Matthew and Clarke’s friendship continues to bloom. Matthew seems to have decided that Grange Hill isn’t as bad as he’d feared …. and that’s when Mauler McCaul turns up. Like the rest of his gang, he roams the school corridors in full American football gear (like Freddie’s moping this seems less than credible) looking for vulnerable youngsters to use as a ball. Is this going provide us with S11’s Harriet the Donkey moments? Hopefully it gets, ahem, kicked into touch soon.
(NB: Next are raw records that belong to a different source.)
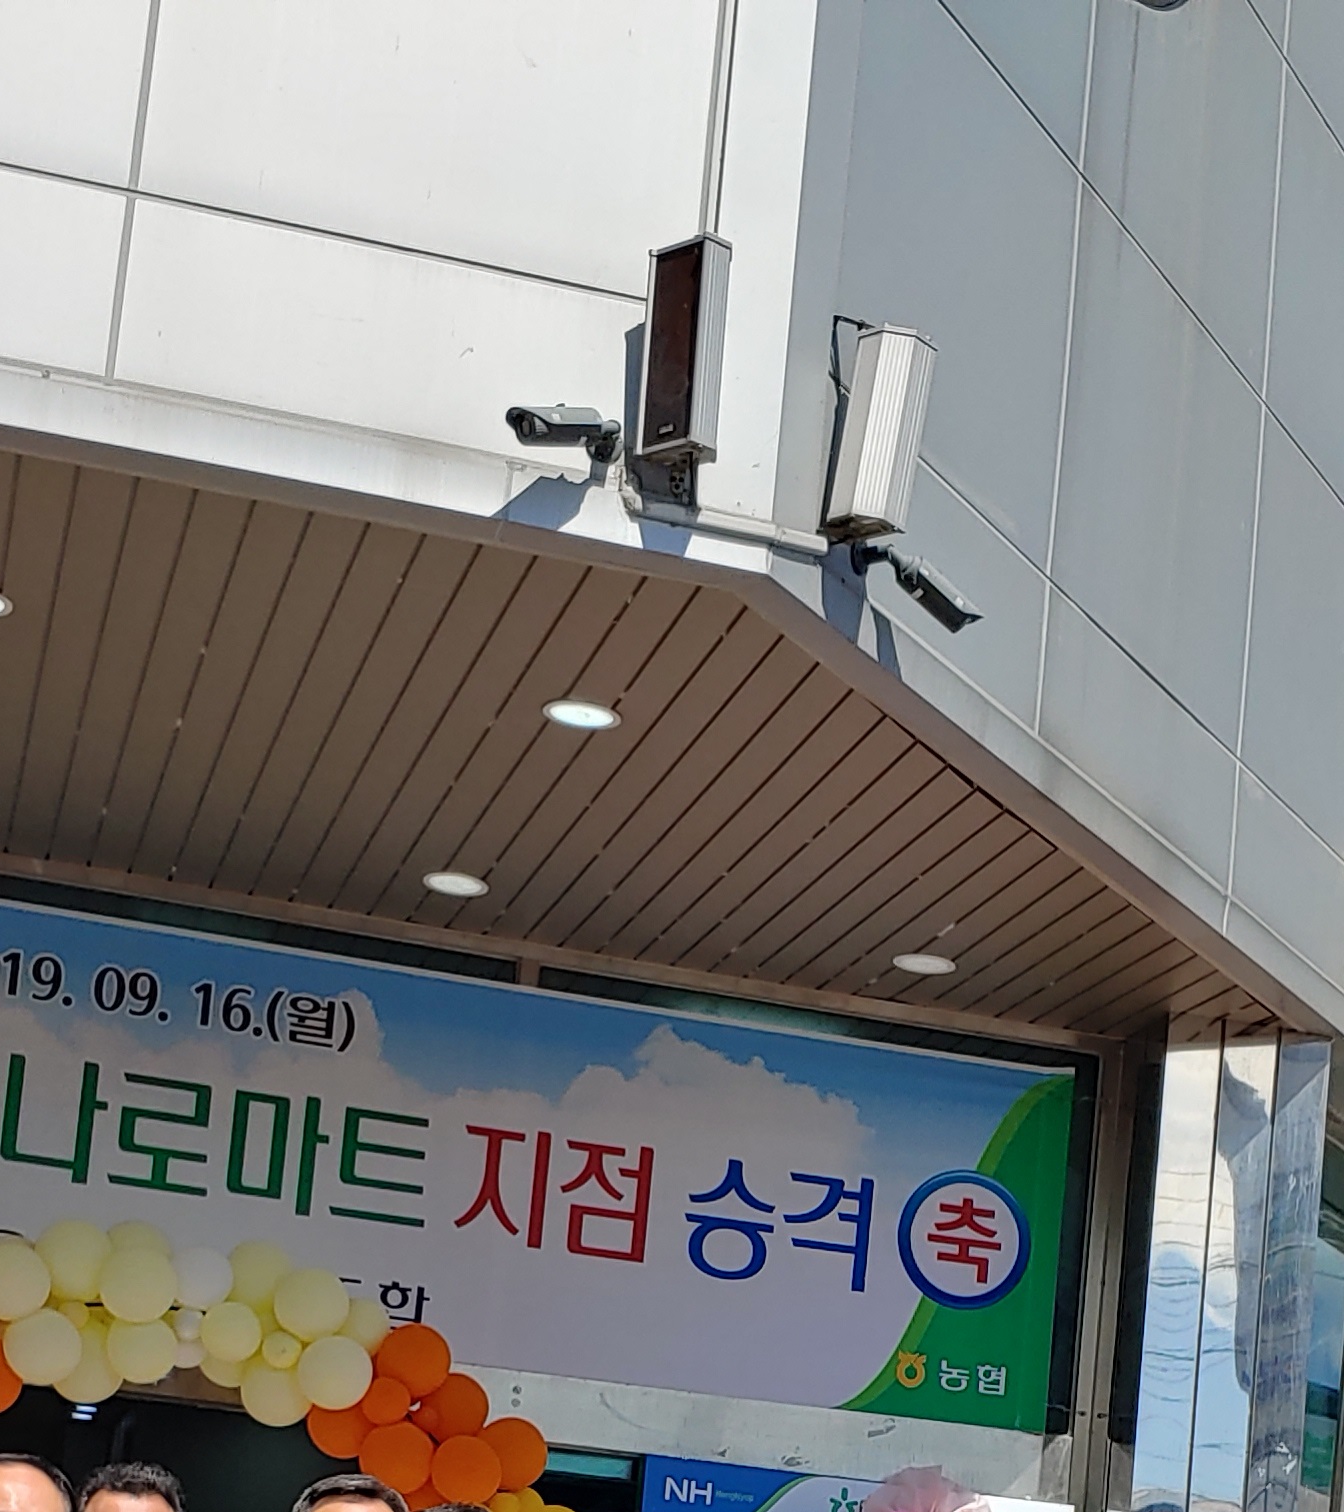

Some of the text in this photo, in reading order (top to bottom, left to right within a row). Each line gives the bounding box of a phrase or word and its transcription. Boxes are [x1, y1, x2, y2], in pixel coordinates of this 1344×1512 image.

[93, 964, 171, 1025] 09.
[454, 1121, 656, 1264] 지점
[683, 1158, 876, 1292] 승격
[926, 1198, 1004, 1285] 축
[937, 1358, 1008, 1396] 농협
[663, 1475, 714, 1507] NH
A little more dramatic meat is provided by a continuing spate of thefts. Miss Booth – with no evidence – seems to believe that Tegs is responsible whilst the new head of the first year – Mrs Reagan – seems much more relaxed about the whole affair. So far we’ve seen very little of Tegs, although we’ve heard quite a lot about him. Most of the accounts have been negative – meaning that his card already seems to have been marked by some of the teachers (especially Miss Booth who, despite her free and easy air, has been shown in the past to be rather dogmatic and inflexible). That his character has been sharply defined in his absence is an interesting touch – the question is, will he live up to these low expectations?

Gonch still hasn’t given up on his money-making exercises (even if his right-hand man Hollo has disappeared – never to be spoken of again). This episode he’s giving the first years a guided tour of the building and, complete with his rolled up umbrella, he’s the epitome of a cheerful tour guide. The moment when he introduces Mr Griffiths as one of Grange Hill’s finest ancient moments is a proper laugh-out-loud moment.
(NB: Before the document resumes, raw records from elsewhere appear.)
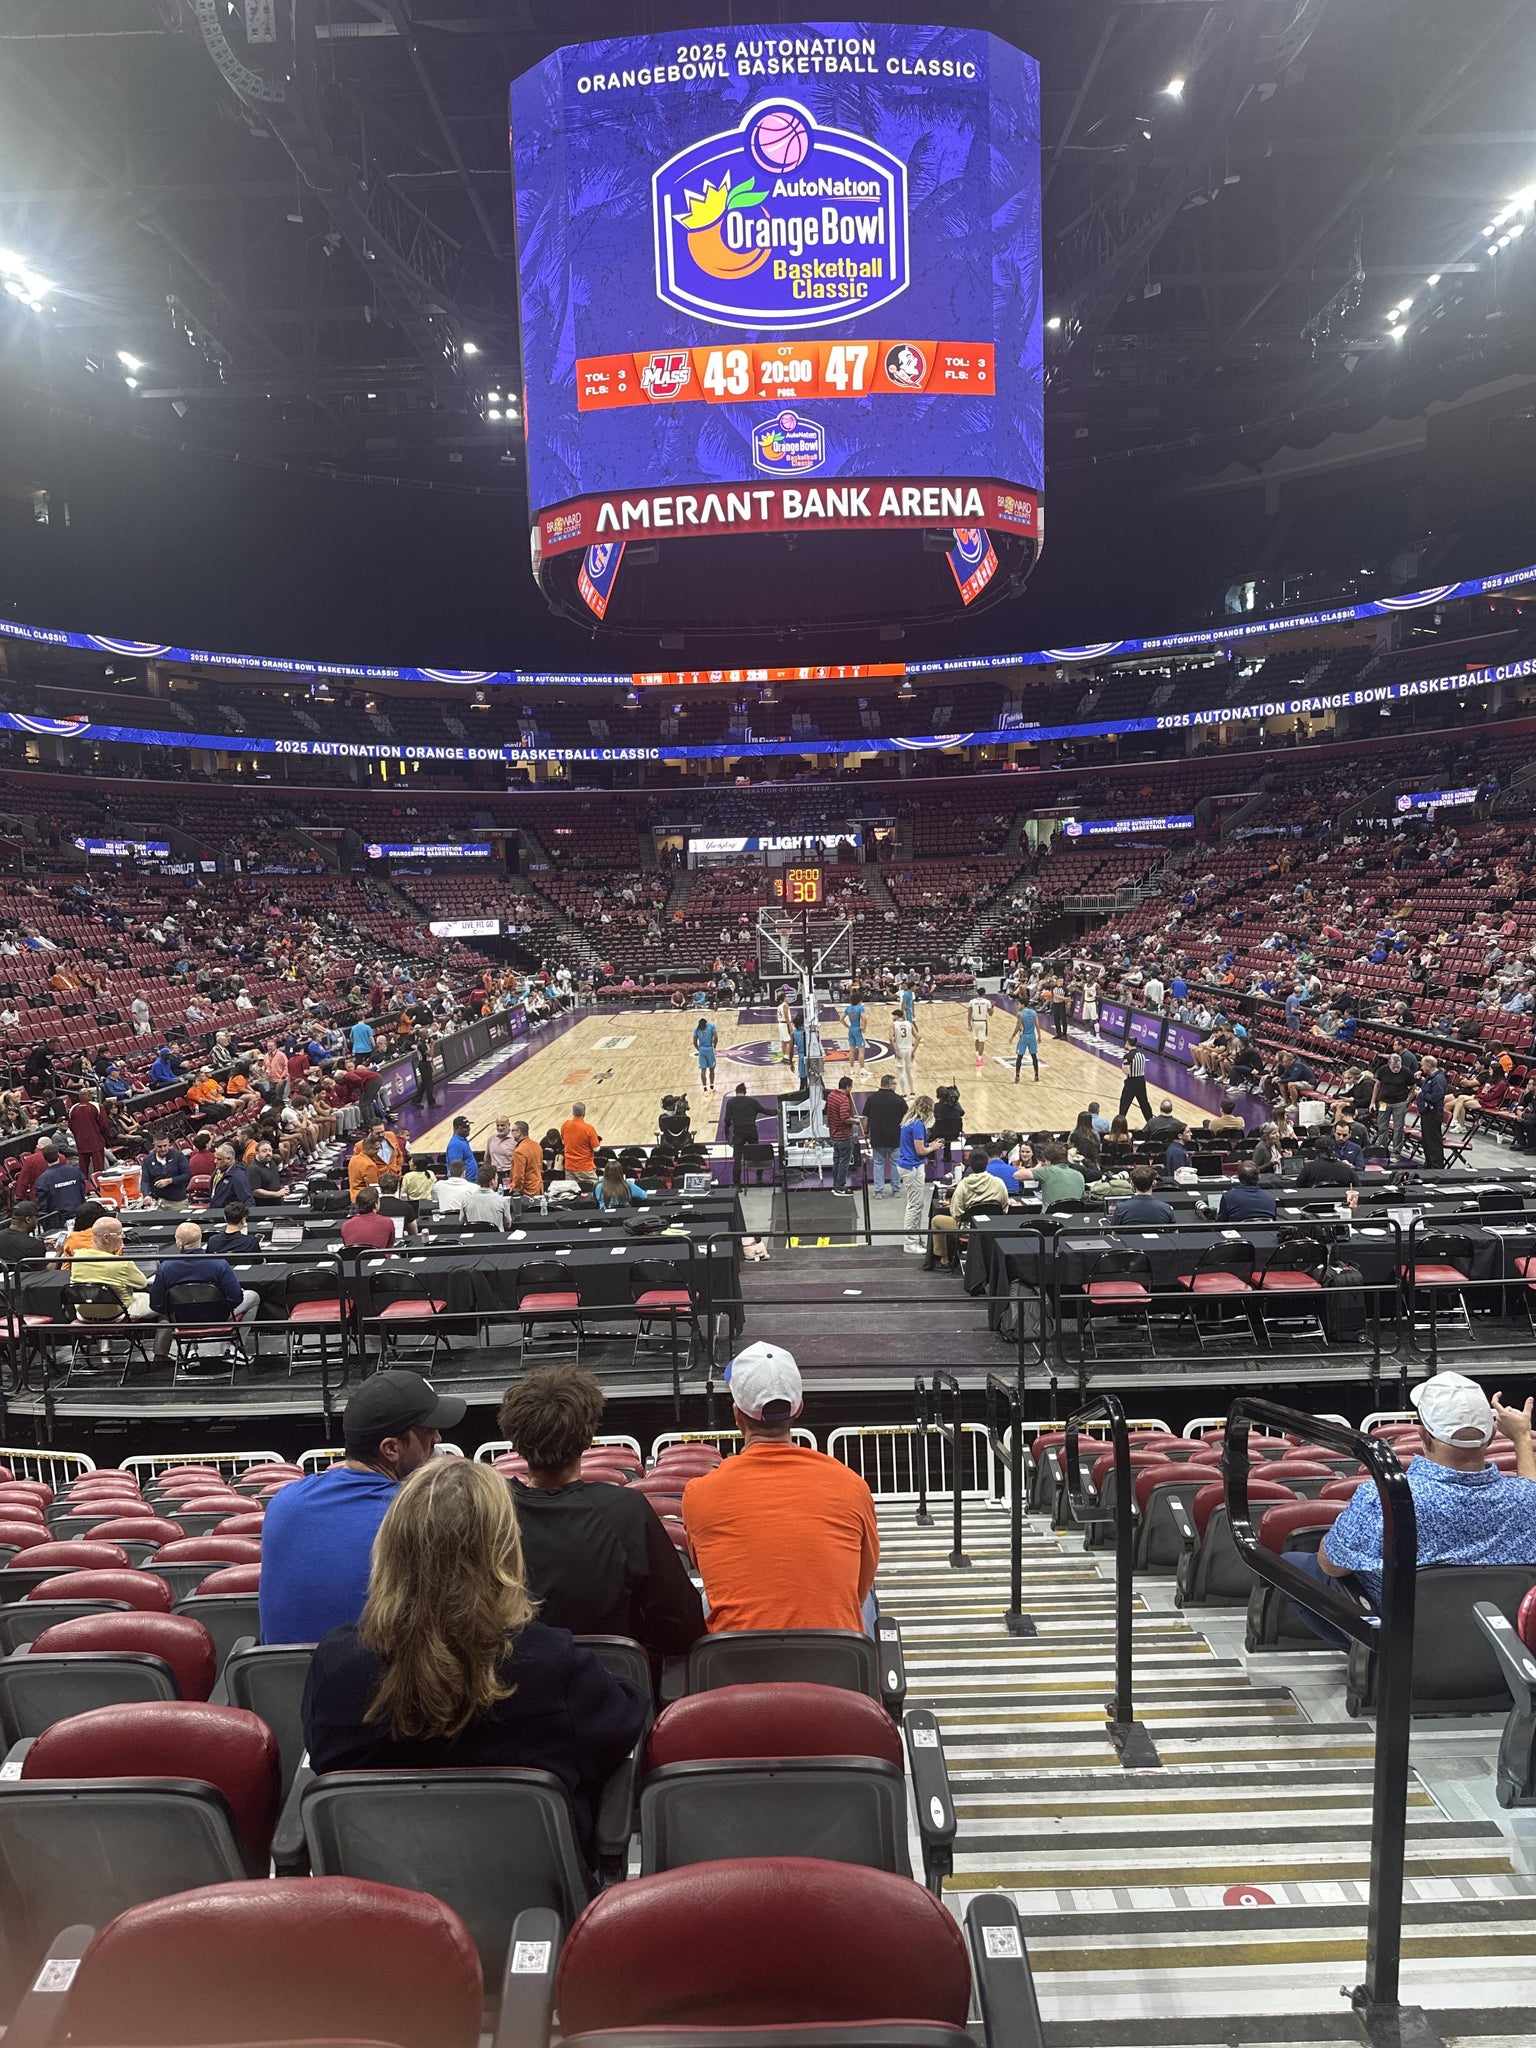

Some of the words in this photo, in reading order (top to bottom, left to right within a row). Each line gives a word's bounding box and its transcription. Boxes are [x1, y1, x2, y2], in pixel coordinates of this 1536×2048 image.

[677, 43, 726, 63] 2025
[735, 39, 876, 58] AUTONATION
[577, 62, 729, 93] ORANGEBOWL
[739, 57, 878, 76] BASKETBALL
[886, 58, 976, 79] CLASSIC
[772, 177, 881, 198] AutoNation
[727, 211, 818, 256] Orange
[822, 207, 884, 245] Bowl
[774, 258, 882, 279] Basketball
[793, 279, 868, 299] Classic
[778, 347, 794, 356] OT
[761, 360, 812, 383] 20:00
[825, 346, 868, 390] 47
[945, 358, 969, 367] TOL:
[978, 359, 986, 367] 3
[585, 373, 610, 382] TOL:
[618, 370, 626, 379] 3
[704, 350, 749, 396] 43
[945, 371, 969, 380] FLS:
[978, 372, 986, 380] 0
[586, 386, 609, 396] FLS:
[618, 383, 627, 392] 0
[595, 490, 775, 532] AMERANT
[782, 487, 872, 519] BANK
[879, 487, 985, 517] ARENA
[1482, 579, 1502, 589] 2025
[0, 623, 32, 637] KETBALL
[33, 631, 67, 642] CLASSIC
[1143, 640, 1161, 649] 2025
[1162, 633, 1211, 646] AUTONATION
[1213, 628, 1244, 639] ORANGE
[1245, 624, 1267, 634] BOWL
[1269, 616, 1319, 630] BASKETBALL
[1321, 610, 1355, 622] CLASSIC
[190, 653, 209, 662] 2025
[210, 655, 260, 666] AUTONATION
[262, 659, 293, 669] ORANGE
[295, 663, 316, 672] BOWL
[318, 665, 365, 676] BASKETBALL
[367, 669, 399, 677] CLASSIC
[922, 664, 943, 672] BOWL
[944, 659, 990, 670] BASKETBALL
[992, 656, 1023, 665] CLASSIC
[516, 675, 533, 683] 2025
[535, 675, 581, 683] AUTONATION
[582, 675, 612, 683] ORANGE
[1157, 714, 1190, 729] 2025
[1194, 703, 1285, 724] AUTONATION
[1290, 693, 1350, 713] ORANGE
[1354, 686, 1395, 704] BOWL
[1399, 668, 1492, 697] BASKETBALL
[275, 741, 308, 753] 2025
[312, 743, 400, 757] AUTONATION
[405, 747, 464, 759] ORANGE
[469, 748, 506, 760] BOWL
[511, 749, 598, 760] BASKETBALL
[602, 748, 659, 760] CLASSIC
[1090, 826, 1131, 834] ORANGEBOWL
[759, 836, 815, 850] FLIGHT
[817, 834, 857, 848] ECK
[789, 869, 819, 881] 20:00
[794, 882, 817, 902] 30
[900, 1027, 907, 1038] 3
[54, 1180, 77, 1188] SECURITY
That pair of juvenile delinquents – Tegs and Justine – find their relationship developing. Both are cooling their heels outside Mrs McClusky’s office – Tegs because of his poor attendance (and it’s only day two) and Justine because of her shocking pick blouse.
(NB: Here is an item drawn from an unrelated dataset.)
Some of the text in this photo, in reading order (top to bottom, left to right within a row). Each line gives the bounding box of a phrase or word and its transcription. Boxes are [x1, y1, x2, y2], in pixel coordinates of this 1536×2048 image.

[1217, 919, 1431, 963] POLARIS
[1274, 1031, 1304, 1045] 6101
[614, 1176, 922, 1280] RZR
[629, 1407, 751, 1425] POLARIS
There’s a cracking cliffhanger. Laura returns home to find out the reason why her mother has had in a spring in her step recently. She’s got a new boyfriend, the oily, moustachioed Simon (Peter Meakin). His opening line is a classic. “So this is the lovely Laura. But not quite as lovely as her mother”. I think the way he rubs the back of Mrs Reagan’s neck whilst saying this is what makes the moment just a little off-putting.

I think we’re going to have trouble with this new arrival ….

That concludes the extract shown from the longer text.